> **THE PROBLEM**
Within the records below, how many lines hold the word "VATIOS"? Only the number should be returned.

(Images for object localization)
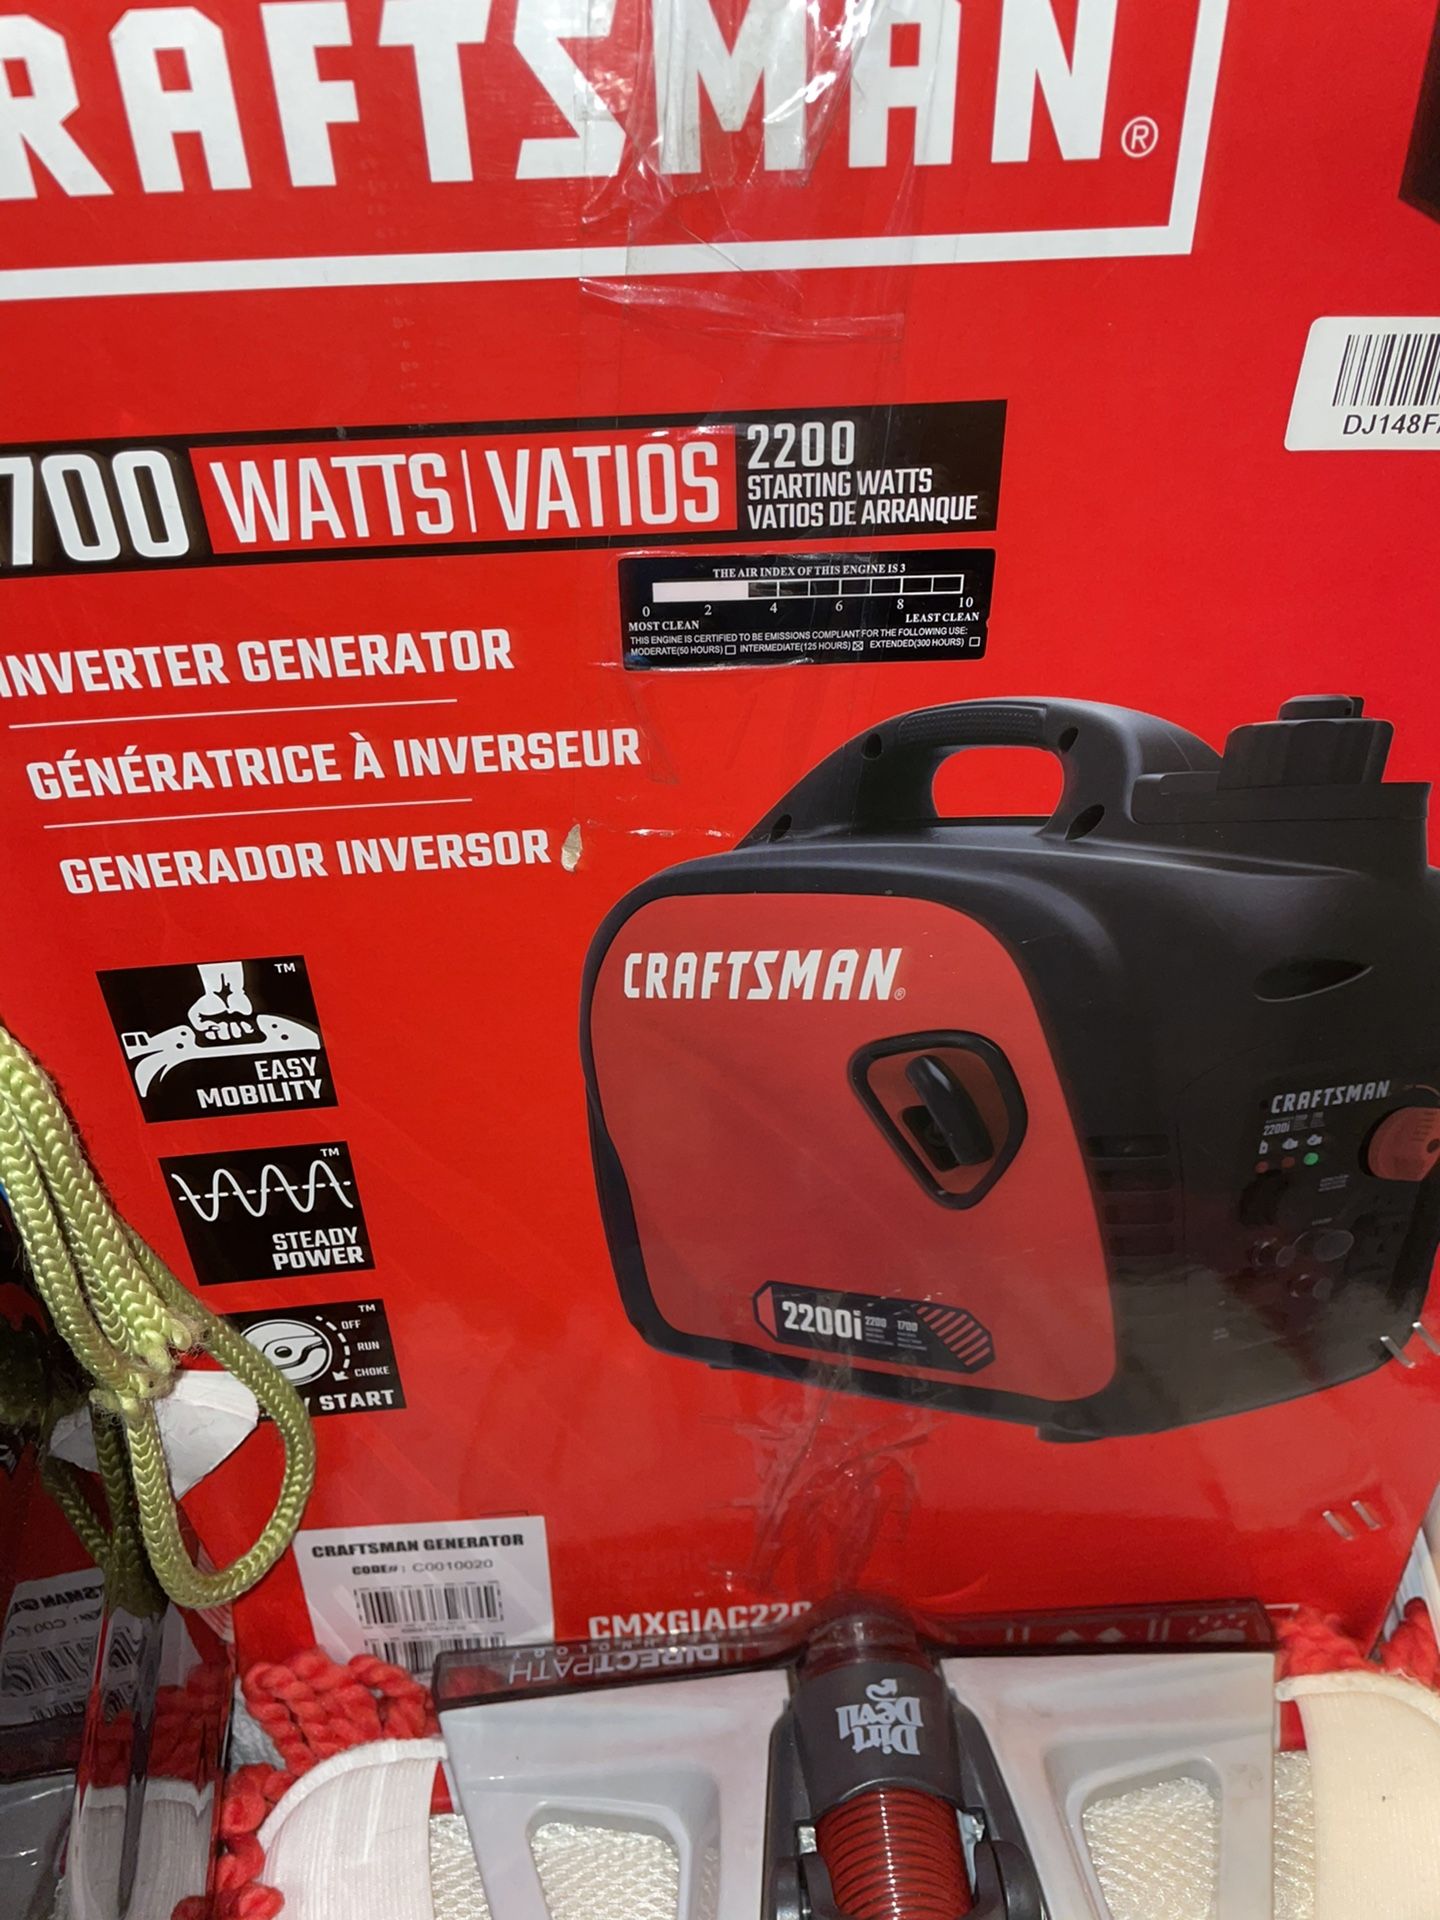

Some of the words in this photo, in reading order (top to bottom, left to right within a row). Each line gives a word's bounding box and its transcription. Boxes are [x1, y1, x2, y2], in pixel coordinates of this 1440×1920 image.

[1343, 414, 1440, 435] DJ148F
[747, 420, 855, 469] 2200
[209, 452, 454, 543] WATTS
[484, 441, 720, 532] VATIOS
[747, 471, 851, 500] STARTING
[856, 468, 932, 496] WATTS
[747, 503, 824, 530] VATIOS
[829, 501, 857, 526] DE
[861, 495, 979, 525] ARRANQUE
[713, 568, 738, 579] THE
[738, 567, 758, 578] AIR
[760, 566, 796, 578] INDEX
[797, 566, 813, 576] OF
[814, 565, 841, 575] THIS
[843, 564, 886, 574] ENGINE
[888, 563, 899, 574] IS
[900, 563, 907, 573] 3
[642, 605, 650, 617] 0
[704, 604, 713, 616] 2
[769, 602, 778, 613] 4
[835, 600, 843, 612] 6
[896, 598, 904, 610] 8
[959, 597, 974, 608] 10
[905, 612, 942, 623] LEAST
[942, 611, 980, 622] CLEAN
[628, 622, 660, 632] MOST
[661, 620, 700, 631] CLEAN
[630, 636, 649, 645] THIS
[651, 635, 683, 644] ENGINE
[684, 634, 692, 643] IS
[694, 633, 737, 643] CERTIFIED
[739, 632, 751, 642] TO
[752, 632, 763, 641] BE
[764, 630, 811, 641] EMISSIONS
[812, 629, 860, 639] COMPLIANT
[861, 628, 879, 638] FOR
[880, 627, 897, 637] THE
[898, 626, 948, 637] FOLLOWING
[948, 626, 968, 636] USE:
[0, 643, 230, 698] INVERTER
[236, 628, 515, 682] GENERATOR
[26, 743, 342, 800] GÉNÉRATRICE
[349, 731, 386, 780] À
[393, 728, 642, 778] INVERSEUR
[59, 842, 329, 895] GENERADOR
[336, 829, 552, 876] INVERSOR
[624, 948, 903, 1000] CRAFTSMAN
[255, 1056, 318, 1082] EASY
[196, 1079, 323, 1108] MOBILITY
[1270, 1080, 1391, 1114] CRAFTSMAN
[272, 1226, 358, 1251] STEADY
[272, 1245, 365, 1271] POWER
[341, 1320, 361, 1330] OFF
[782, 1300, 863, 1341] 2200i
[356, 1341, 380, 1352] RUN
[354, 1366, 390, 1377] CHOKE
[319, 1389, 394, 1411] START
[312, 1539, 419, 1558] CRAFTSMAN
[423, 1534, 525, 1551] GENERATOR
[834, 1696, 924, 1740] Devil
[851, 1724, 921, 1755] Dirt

> **RESPONSE AREA**
2